The sanctions in Iraq, according to the figures from Unicef, had killed over a million innocent civilians of malnutrition and disease as a prelude to the 2003 illegal invasion. These sanctions were imposed on the pretexts of the same fabricated evidence and charges of non-existent WMD.
The US instigated EU sanctions on Iran’s largest bank, Melli, and the attempt to place embargo on Iranian gas and oil sector, are not only of that same genocidal genre that target the population, but betray deep cynicism at the heart of US/EU’s supposed “diplomacy”. This “wrong timing” in Brown’s announcement of sanctions, you view as “right”, came at a time Iran had received Solana’s package and expressed willingness to study the proposals, having also offered a comprehensive “Constructive Package of Proposals” of its own to be considered. The humiliating, bullish and outright illegal sanctions by the US and UE against Iran at this time are directed at sabotaging the diplomatic process.

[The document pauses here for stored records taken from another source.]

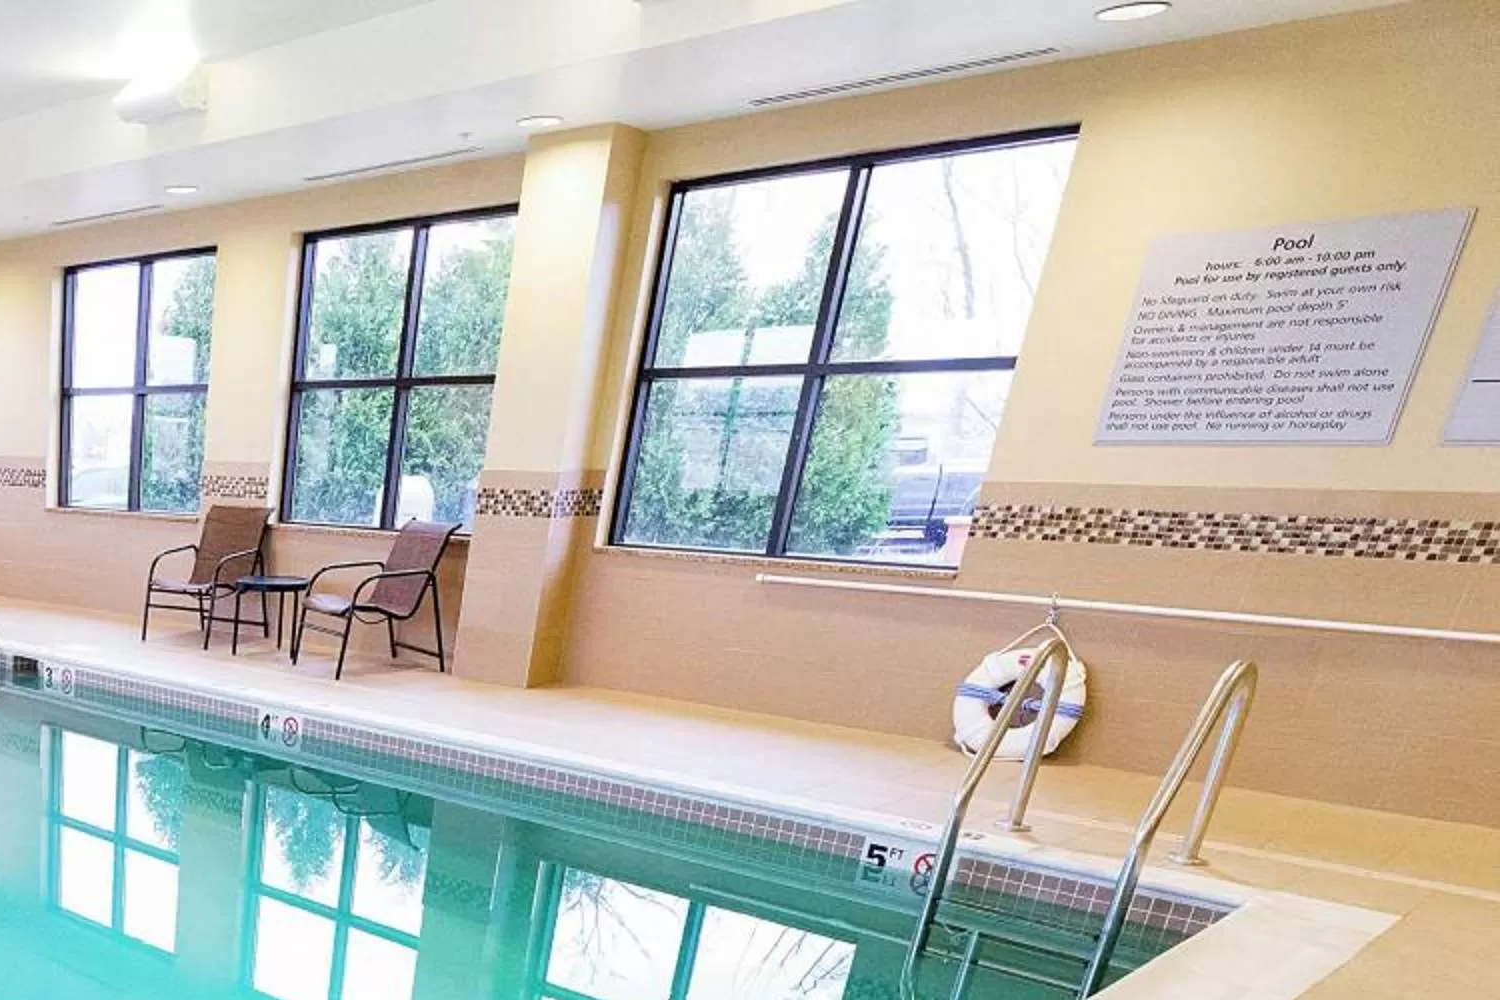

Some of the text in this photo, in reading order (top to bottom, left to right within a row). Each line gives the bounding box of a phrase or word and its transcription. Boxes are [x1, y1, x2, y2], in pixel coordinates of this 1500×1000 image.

[1273, 234, 1315, 251] Pool
[1254, 255, 1281, 266] 6:00
[1284, 256, 1305, 265] am
[1316, 252, 1350, 262] 10:00
[1353, 250, 1375, 261] pm
[1174, 275, 1199, 286] Pool
[1203, 274, 1219, 284] for
[1223, 274, 1242, 282] use
[1245, 271, 1260, 282] by
[1264, 266, 1327, 280] registered
[1330, 264, 1372, 277] guests
[1142, 296, 1156, 306] No
[1212, 294, 1227, 302] on
[1267, 289, 1298, 298] Swim
[1301, 287, 1315, 297] at
[1316, 286, 1345, 298] your
[1348, 284, 1377, 294] own
[1138, 311, 1156, 320] NO
[1208, 306, 1263, 316] Maximum
[1266, 303, 1294, 314] pool
[1297, 301, 1333, 312] depth
[1134, 325, 1173, 335] Owners
[1190, 321, 1263, 332] management
[1266, 320, 1285, 328] are
[1289, 318, 1309, 327] not
[1314, 313, 1383, 327] responsible
[1131, 336, 1145, 345] for
[1147, 334, 1197, 345] accidents
[1220, 345, 1265, 356] children
[1269, 343, 1304, 353] under
[1324, 341, 1355, 352] must
[1359, 340, 1376, 350] be
[1195, 358, 1207, 369] by
[1222, 355, 1286, 367] responsible
[1288, 353, 1321, 364] adult
[1148, 373, 1202, 382] containers
[1274, 369, 1291, 379] Do
[1294, 369, 1315, 378] not
[1318, 368, 1351, 378] swim
[1354, 367, 1389, 377] alone
[1116, 382, 1395, 397] Persons with communicable diseases shall not use
[1144, 397, 1184, 407] Shower
[1186, 396, 1223, 406] before
[1225, 395, 1275, 406] entering
[1277, 393, 1305, 406] pool
[1109, 407, 1372, 421] Persons under the influence of alcohol or drugs
[1131, 422, 1148, 430] not
[1206, 421, 1221, 430] No
[1224, 421, 1268, 432] running
[1272, 421, 1285, 429] or
[1287, 419, 1347, 431] horseplay
[867, 844, 904, 867] 5 FT

And you are alarmingly aware that sanctions hurt the weakest of the population. In Iraq, the sanctions devastated the infra-structure, destroyed workers’ bargaining power and made the population hostage to state hand-outs. Denis Halliday, the then Assistant Secretary General of the UN, and head of the “Oil for Food” programme in Iraq, resigned from his post in protest at the “genocidal effect” of sanctions. His successor Hans Von Sponek too resigned in protest. Denis Halliday said in his resignation letter to the UN, “I am resigning because the policy of economic sanctions is totally bankrupt. We are in the process of destroying an entire society. It is as simple as that ‘. Five thousand children are dying every month’ “.
Politicians and their media assassins make regular references to the “fears” and “concerns” of “International community”, and ascribe the decisions made by a small number of veto-yielding powerful states, using political manipulation, coercion and threats, to the “will of the international community”. As recorded in John Pilger’s seminal work, “The New Rulers of the World” (Verso, 2002), Halliday said in relation to the Security Council imposed sanctions on Iraq and its unrepresentative decisions as against the UN General Assembly’s one nation one vote, that the “Genocide in Iraq is the test of our will. All of us have to break the silence: to make those responsible, in Washington and London, aware that history will slaughter them”.